Could you please verify if my attempt is fine or it contains logical gaps/mistakes? I'm grateful for your help!


Theorem: Let $\sum x_{k}$ be a conditionally convergent series in $\mathbb{R}$ and $-\infty \leq \alpha \leq \beta \leq +\infty$. Then there exists a rearrangement $\sum x_{\sigma(k)}$ with partial sums $s_n = \sum_{k=0}^n x_{\sigma(k)}$ such that $$\liminf_{n \to \infty} s_n = \alpha, \quad \limsup_{n \to \infty} s_n = \beta$$

My attempt:

We define $x^+,x^-:\mathbb N \to \mathbb R$ and $\Delta^+,\Delta^-:\mathbb N \to \mathbb R$ by $$x^+_k = \frac{|x_k|+x_k}{2}, \quad x^-_k = \frac{x_k - |x_k|}{2}, \quad \Delta^+_n = \sum_{k=0}^n x^+_k, \quad \Delta^-_n = \sum_{k=0}^n x^-_k$$

Lemma: If $\sum x_k$ converges conditionally, then $\Delta^+$ is increasing and not bounded from above, and $\Delta^-$ is decreasing and not bounded from below.

We take sequences $(\alpha_n)_{n \in \mathbb N},(\beta_n)_{n \in \mathbb N}$ in $\mathbb R$ such that $\alpha_n \to \alpha,\beta_n \to \beta$ as $n \to \infty$ and $\alpha_m < \beta_n$ for all $m,n \in \mathbb N$. We define $\mu, \nu : \mathbb{N} \rightarrow \mathbb{N}$ recursively by $$\mu_0 = \min \{n \in \mathbb{N} \mid \Delta^+_n > \beta_0\}, \quad \nu_0 = \min \{n \in \mathbb{N} \mid \Delta^+_{\mu_0} + \Delta^-_n < \alpha_0\}$$ $$\mu_{p+1} = \min \{n \in \mathbb{N} \mid \Delta^+_n + \Delta^-_{\nu_p} > \beta_{p+1}\}, \quad \nu_{p} = \min \{n \in \mathbb{N} \mid \Delta^+_{\mu_{p}} + \Delta^-_n < \alpha_p\}$$

Because of the Lemma, $\mu$ and $\nu$ are well defined.

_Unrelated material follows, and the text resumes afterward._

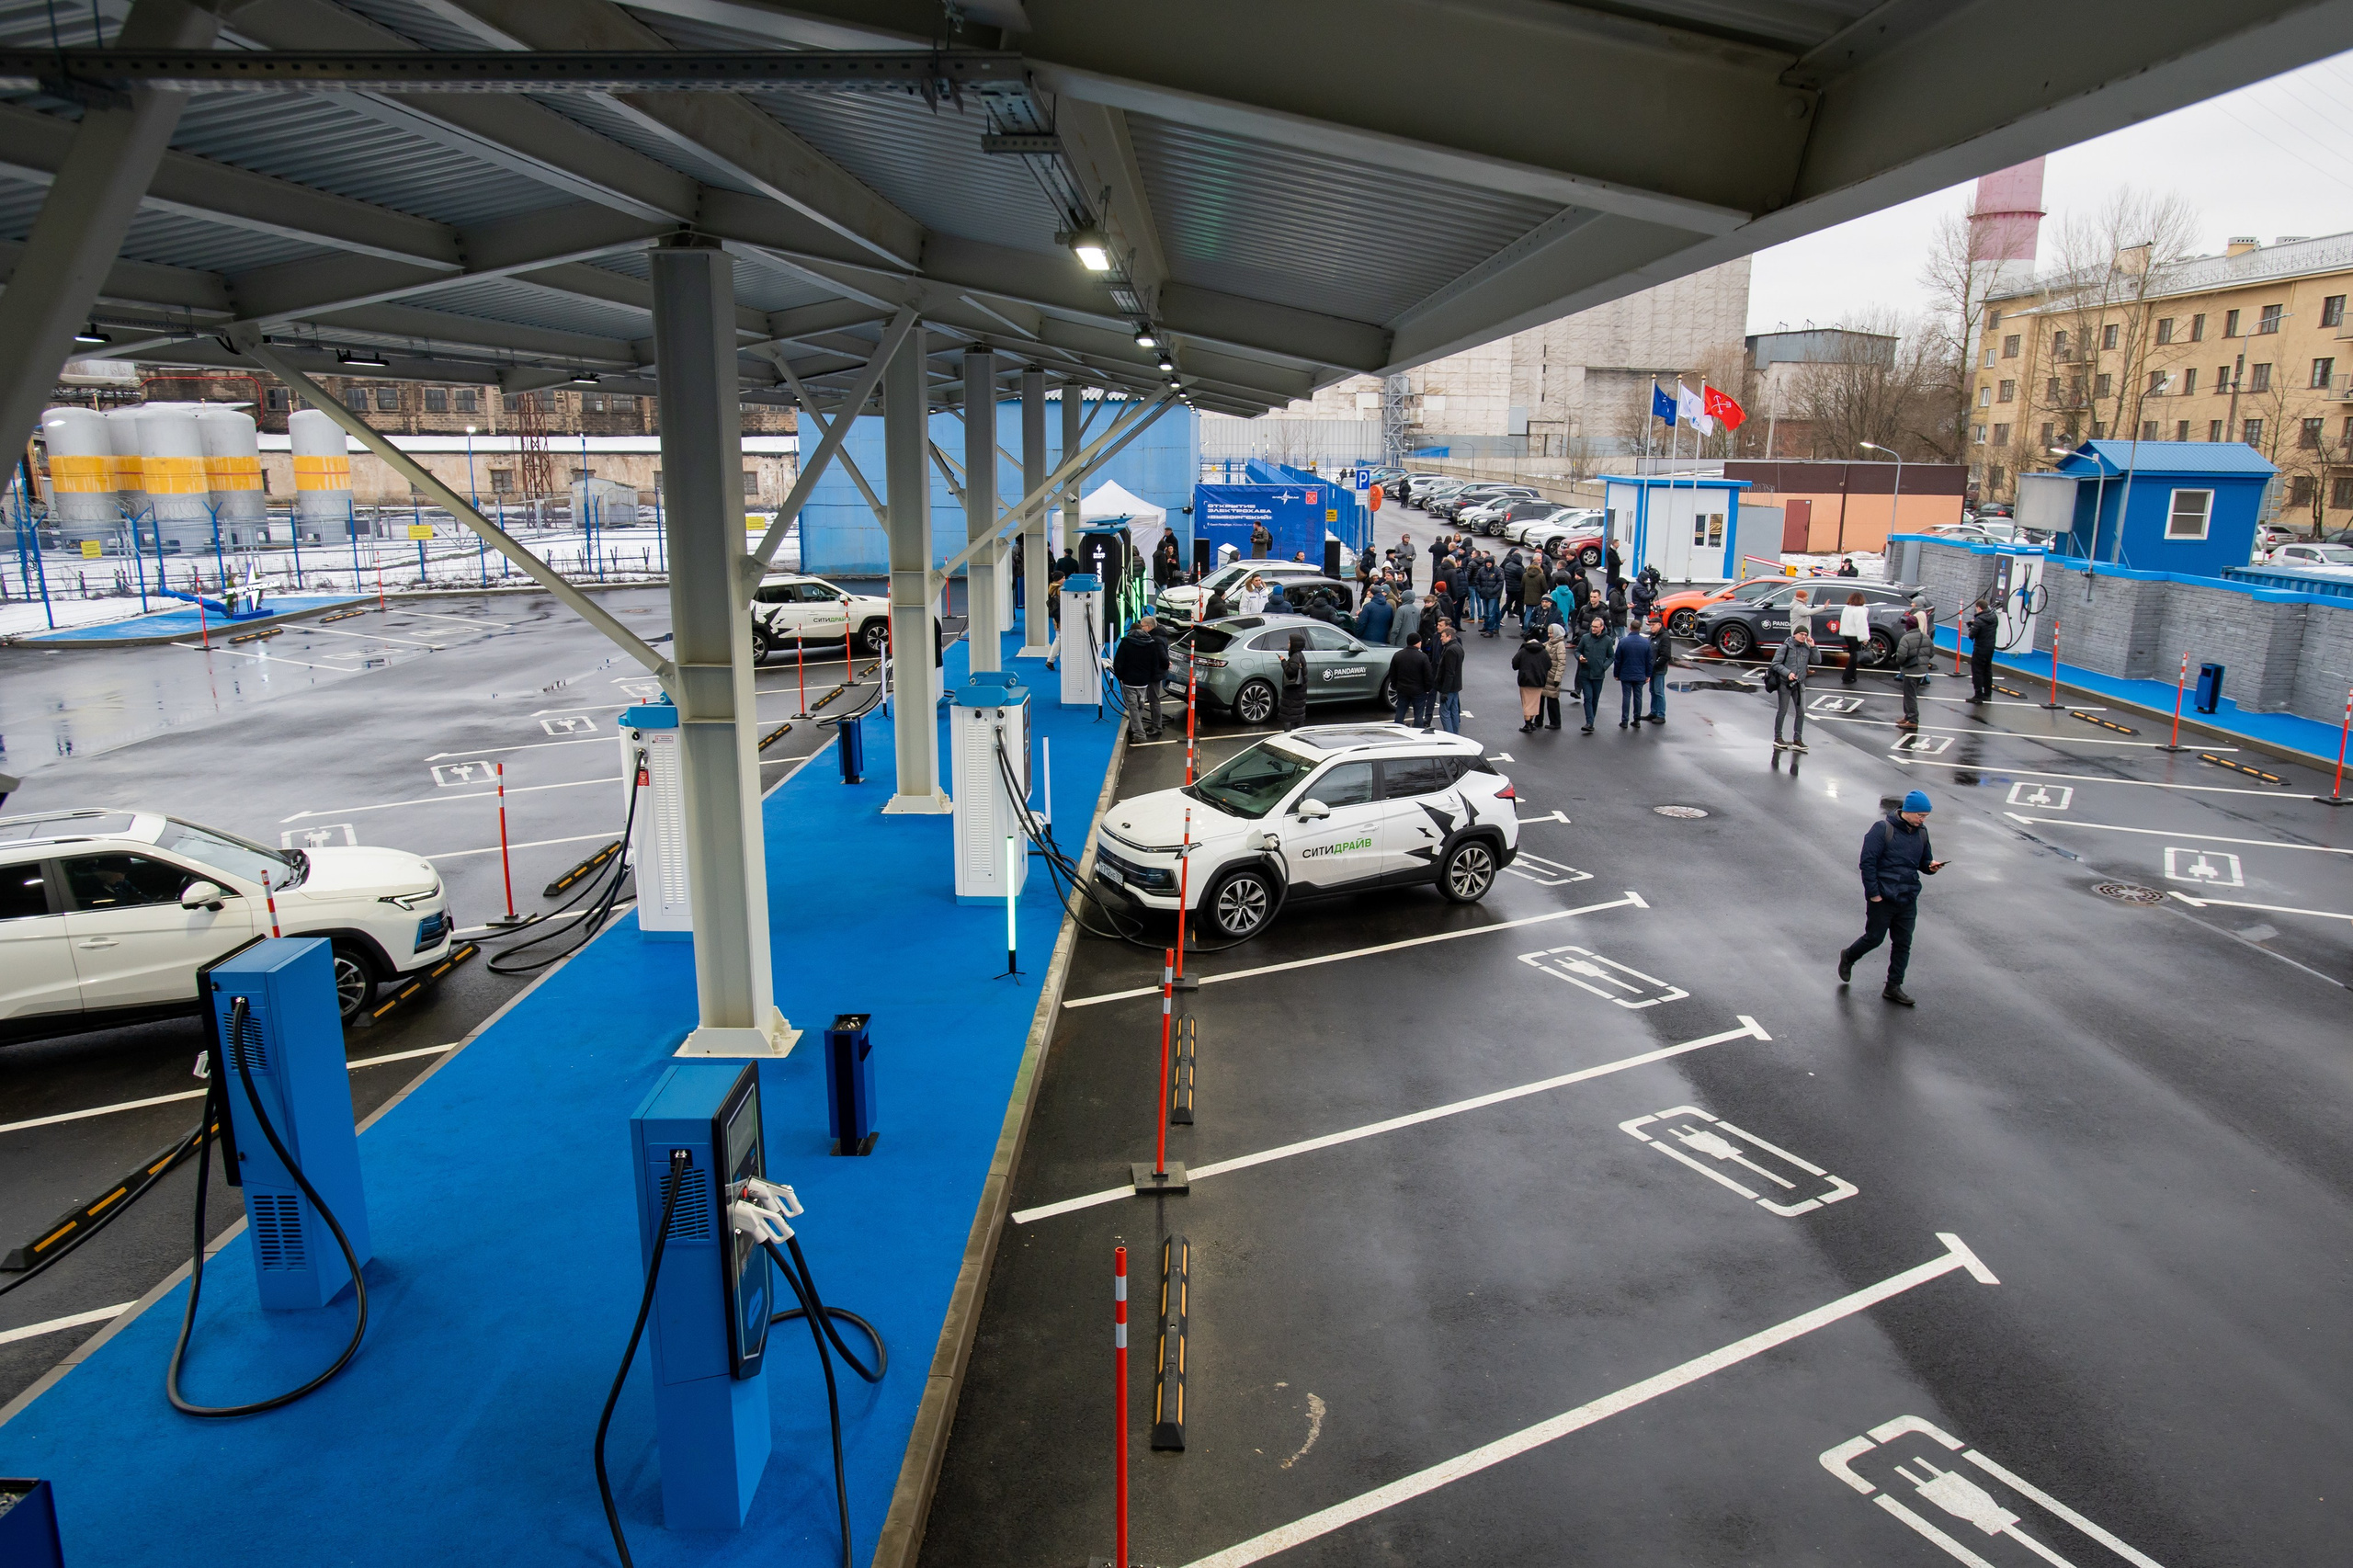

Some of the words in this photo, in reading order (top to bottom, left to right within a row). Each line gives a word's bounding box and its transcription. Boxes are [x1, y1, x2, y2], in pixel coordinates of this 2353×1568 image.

[1359, 472, 1368, 488] P
[1334, 666, 1368, 676] PANDAWAY
[1302, 837, 1372, 858] СИТИДРАЙВ
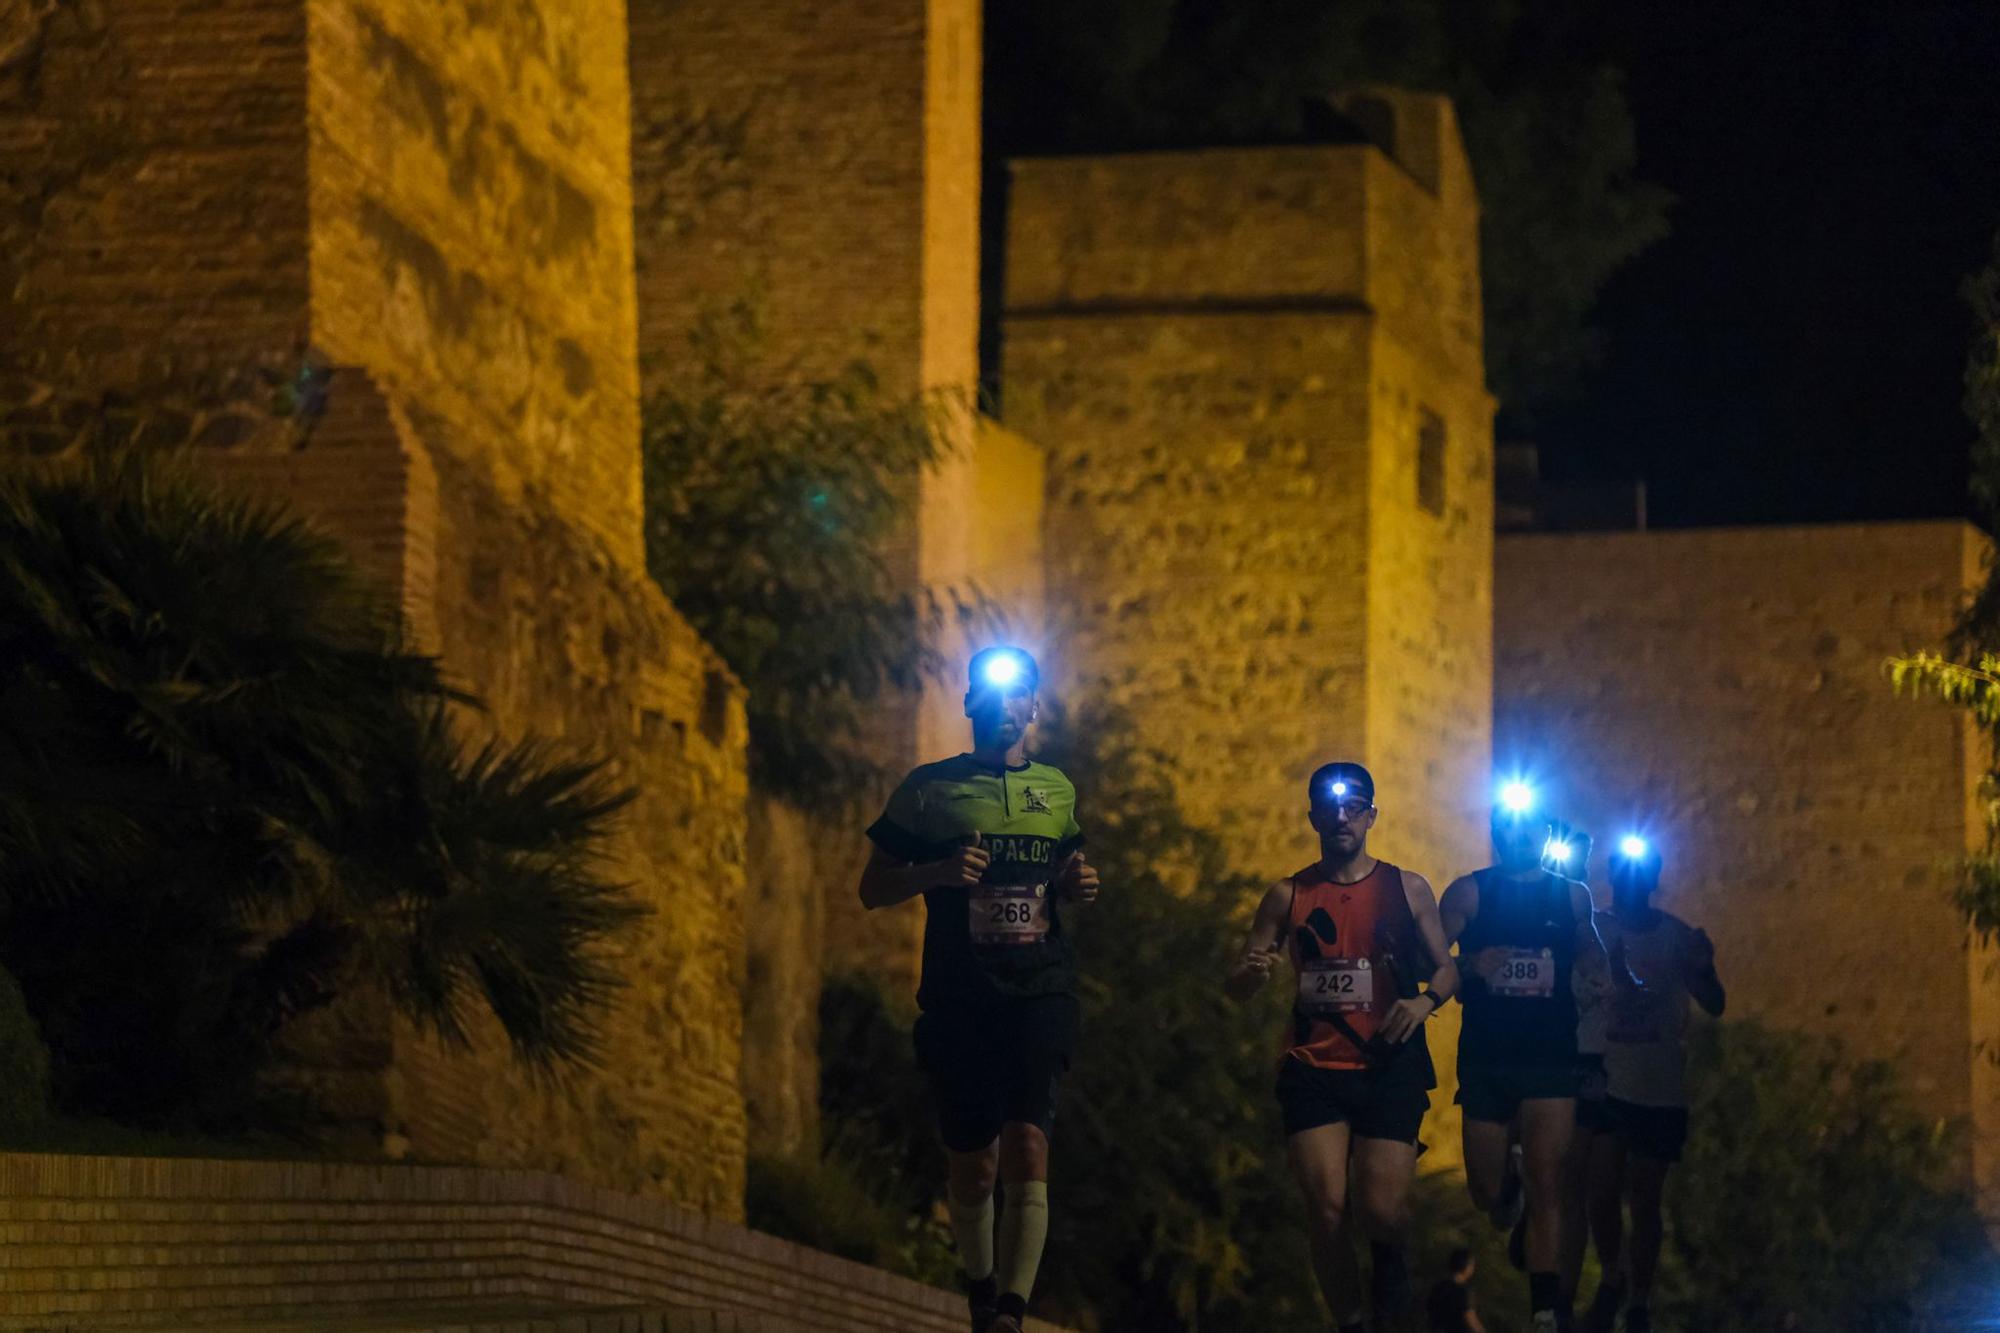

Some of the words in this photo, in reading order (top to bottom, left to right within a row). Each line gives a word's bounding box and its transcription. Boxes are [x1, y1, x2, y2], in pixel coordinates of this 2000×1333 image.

By construction, we have $\Delta^+_{\mu_{p+1}} + \Delta^-_{\nu_p} > \beta_{p+1}$ and $\Delta^+_{\mu_{p}} + \Delta^-_{\nu_{p}} < \alpha_p$, so $\Delta^+_{\mu_{p+1}} > \beta_{p+1} - \Delta^-_{\nu_p} > \alpha_p - \Delta^-_{\nu_p} > \Delta^+_{\mu_{p}}$. As such, $\mu$ is strictly increasing. We also have $\Delta^+_{\mu_{p+1}} + \Delta^-_{\nu_p} > \beta_{p+1}$ and $\Delta^+_{\mu_{p+1}} + \Delta^-_{\nu_{p+1}} < \alpha_{p+1}$, so $\Delta^-_{\nu_{p+1}} < \alpha_{p+1} - \Delta^+_{\mu_{p+1}} <$ $\beta_{p+1} - \Delta^+_{\mu_{p+1}}$ $< \Delta^-_{\nu_p}$. As such, $\nu$ is strictly increasing.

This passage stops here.